## DATA UNDER STUDY
BEGIN

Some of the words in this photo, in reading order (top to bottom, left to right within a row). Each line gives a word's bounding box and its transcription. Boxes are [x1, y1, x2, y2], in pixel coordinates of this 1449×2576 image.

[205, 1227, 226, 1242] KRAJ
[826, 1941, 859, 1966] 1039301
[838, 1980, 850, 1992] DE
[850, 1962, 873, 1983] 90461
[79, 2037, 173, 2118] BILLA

END

## INSTRUCTIONS FOR THE TASK
Reproduce the full set of records precisely.

## RESPONSE AREA
Some of the words in this photo, in reading order (top to bottom, left to right within a row). Each line gives a word's bounding box and its transcription. Boxes are [x1, y1, x2, y2], in pixel coordinates of this 1449×2576 image.

[205, 1227, 226, 1242] KRAJ
[826, 1941, 859, 1966] 1039301
[838, 1980, 850, 1992] DE
[850, 1962, 873, 1983] 90461
[79, 2037, 173, 2118] BILLA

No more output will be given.